WHAT IS REQUIRED:
Your task is to repeat exactly the lines from the one with "this 1600×916 image." through the end of the records, both included; please leave the pictures out.

TASK INPUTS:

--- START ---

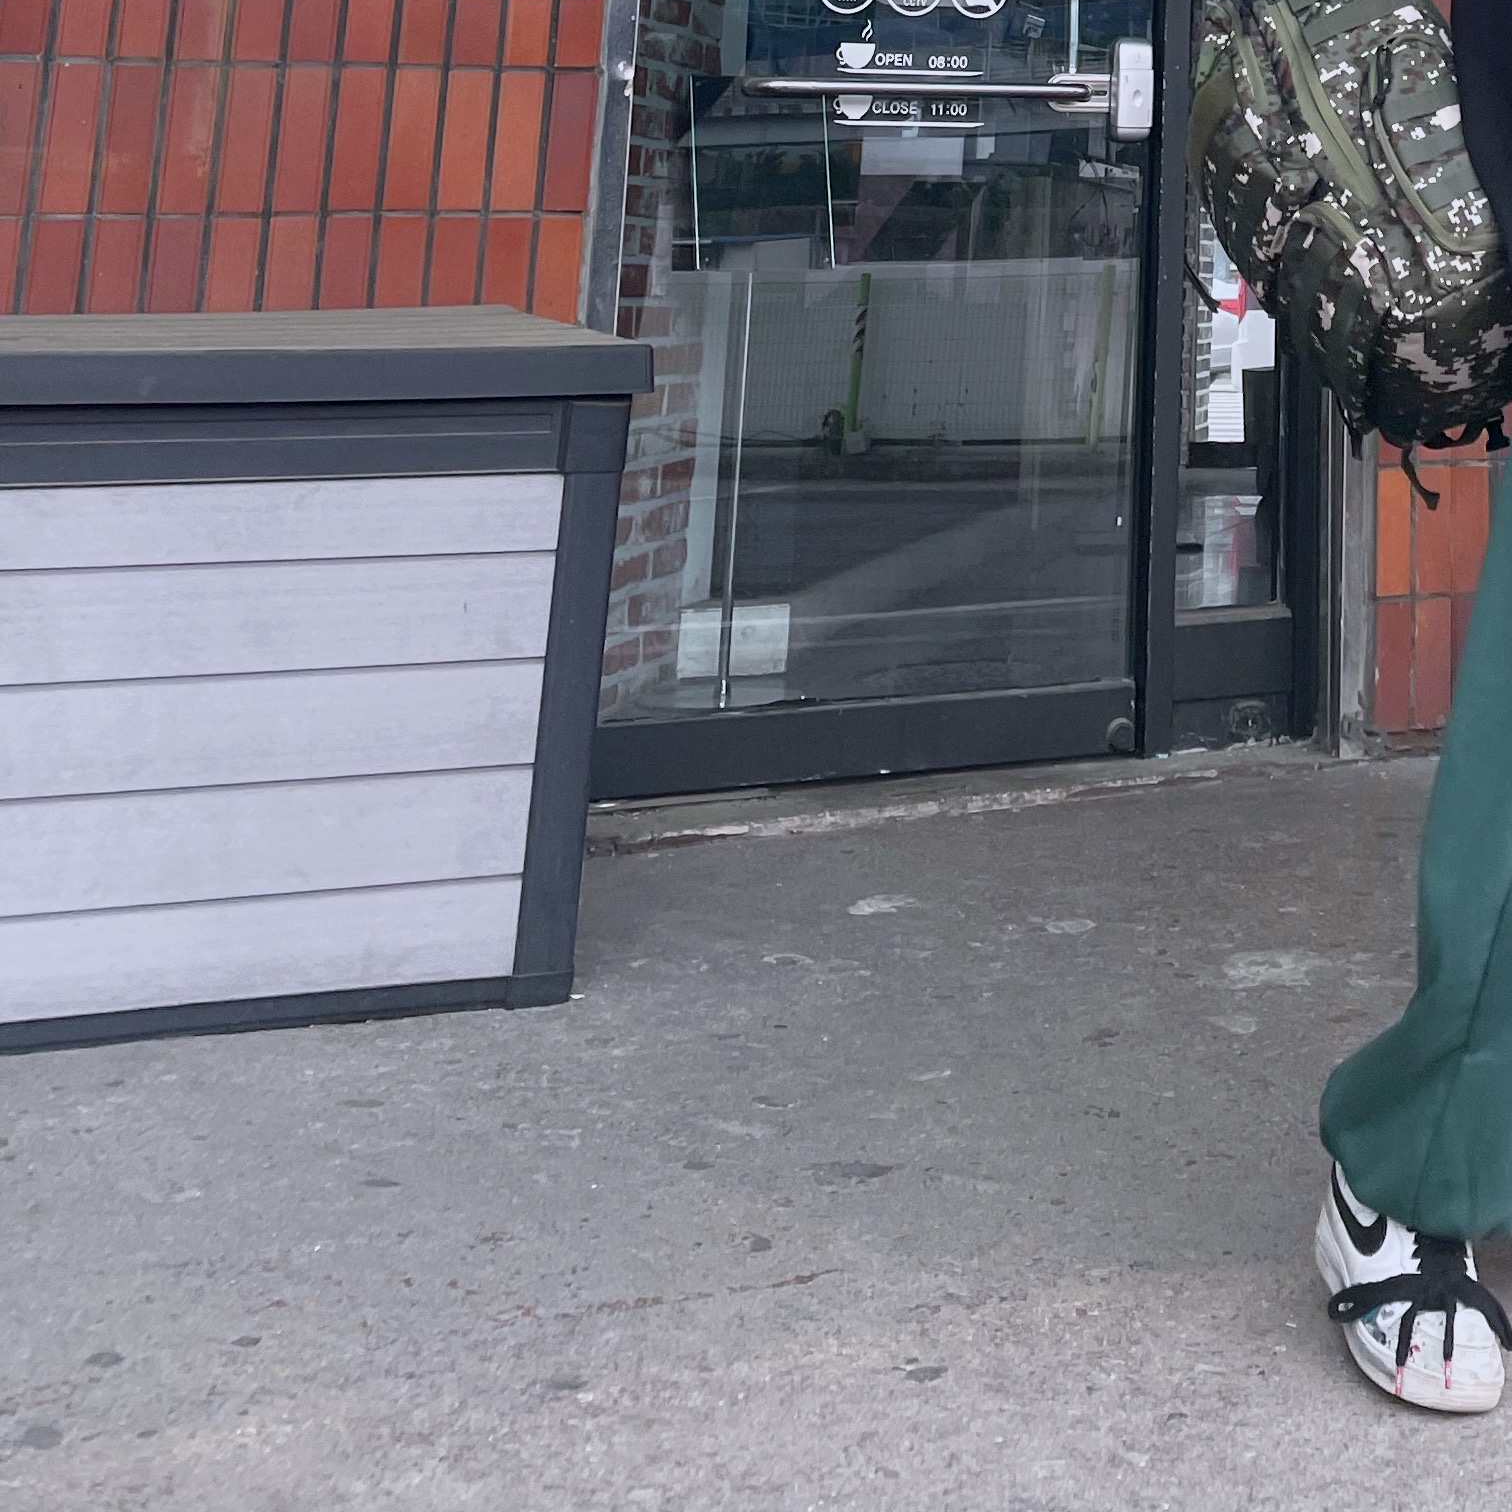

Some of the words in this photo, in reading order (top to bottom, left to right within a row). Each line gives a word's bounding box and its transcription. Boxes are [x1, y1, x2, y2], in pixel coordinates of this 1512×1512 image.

[874, 53, 913, 67] OPEN
[928, 55, 968, 69] 08:00
[872, 100, 918, 115] CLOSE
[930, 103, 968, 117] 11:00
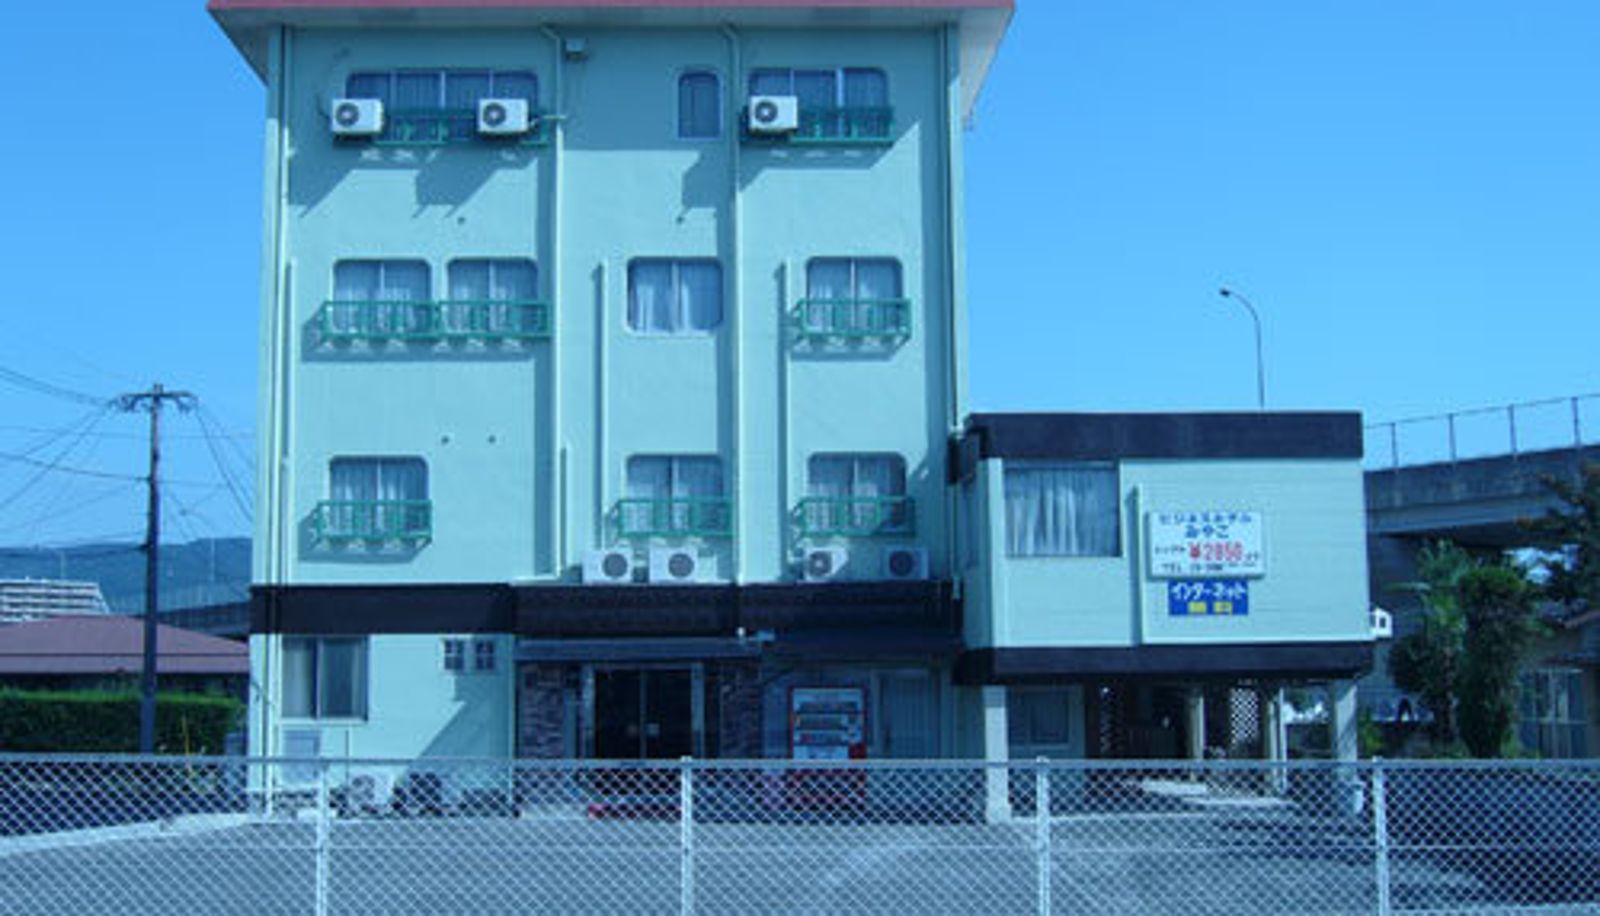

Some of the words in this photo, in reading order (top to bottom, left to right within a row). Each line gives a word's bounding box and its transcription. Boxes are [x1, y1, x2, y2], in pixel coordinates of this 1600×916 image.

[1171, 582, 1246, 600] インターネット
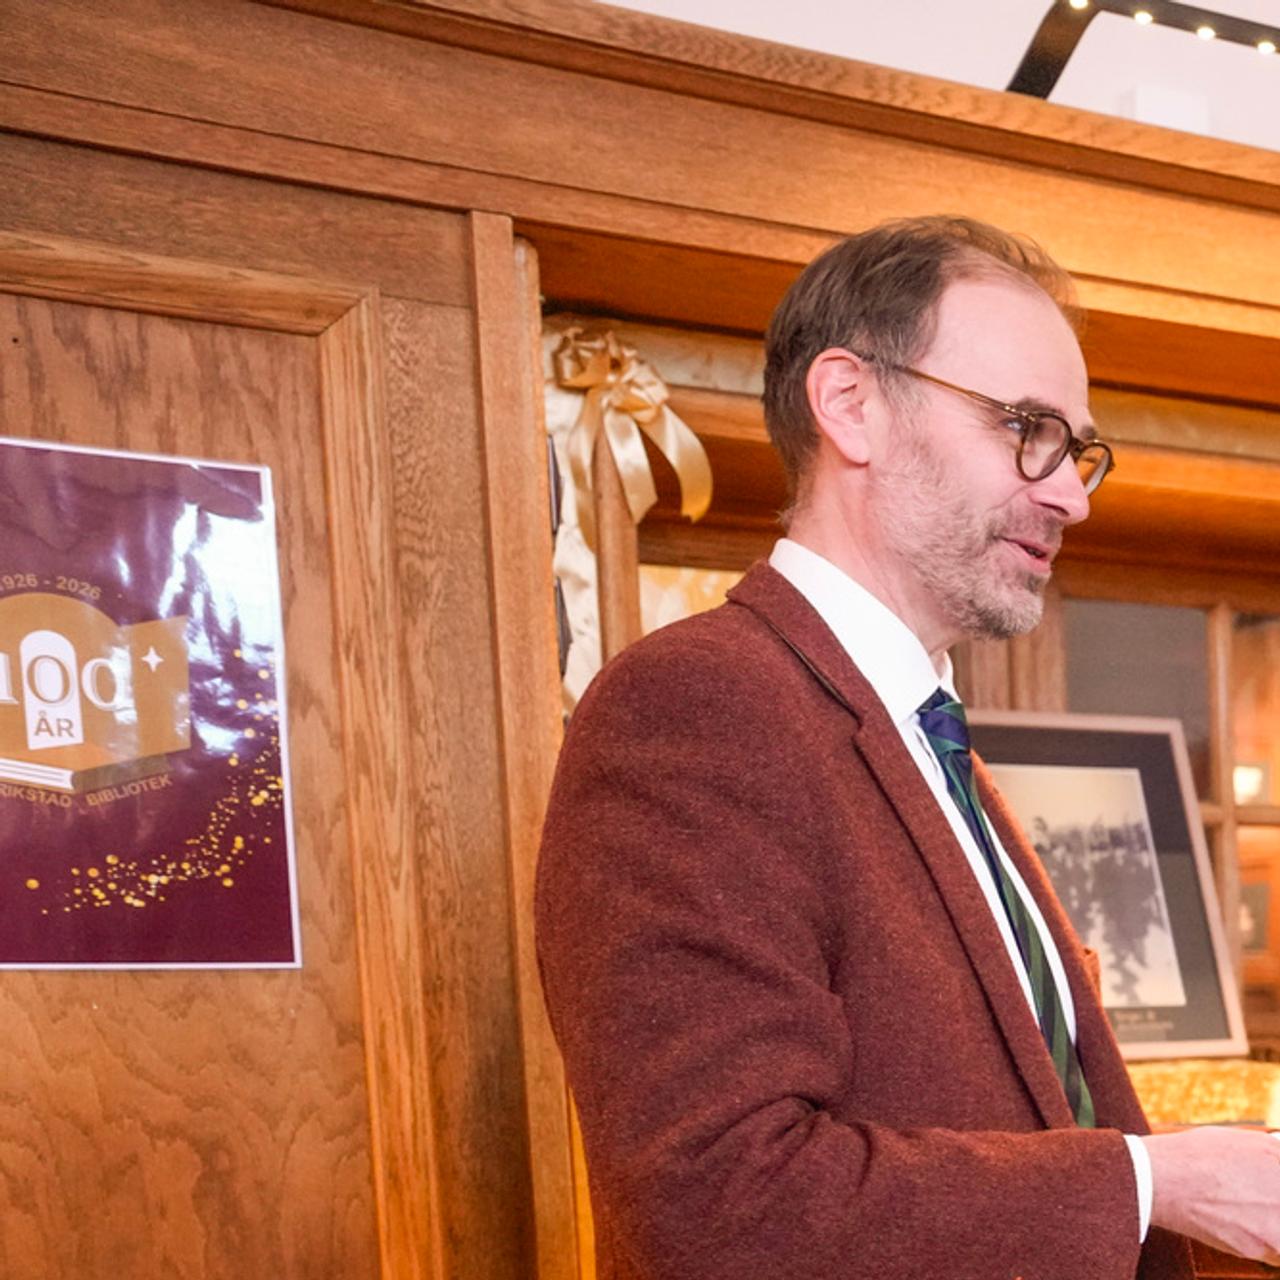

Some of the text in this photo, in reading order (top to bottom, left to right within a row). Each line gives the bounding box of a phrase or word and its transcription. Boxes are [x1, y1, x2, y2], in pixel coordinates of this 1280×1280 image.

[56, 575, 102, 599] 2026
[34, 710, 75, 738] ÅR
[85, 773, 173, 807] BIBLIOTEK

--- END ---

EXERCISE SOLUTION:
Some of the words in this photo, in reading order (top to bottom, left to right within a row). Each line gives a word's bounding box and its transcription. Boxes are [x1, y1, x2, y2], in pixel coordinates of this 1600×916 image.

[1171, 582, 1246, 600] インターネット

Some of the text in this photo, in reading order (top to bottom, left to right within a row). Each line gives the bounding box of a phrase or word and its transcription. Boxes are [x1, y1, x2, y2], in pixel coordinates of this 1280×1280 image.

[56, 575, 102, 599] 2026
[34, 710, 75, 738] ÅR
[85, 773, 173, 807] BIBLIOTEK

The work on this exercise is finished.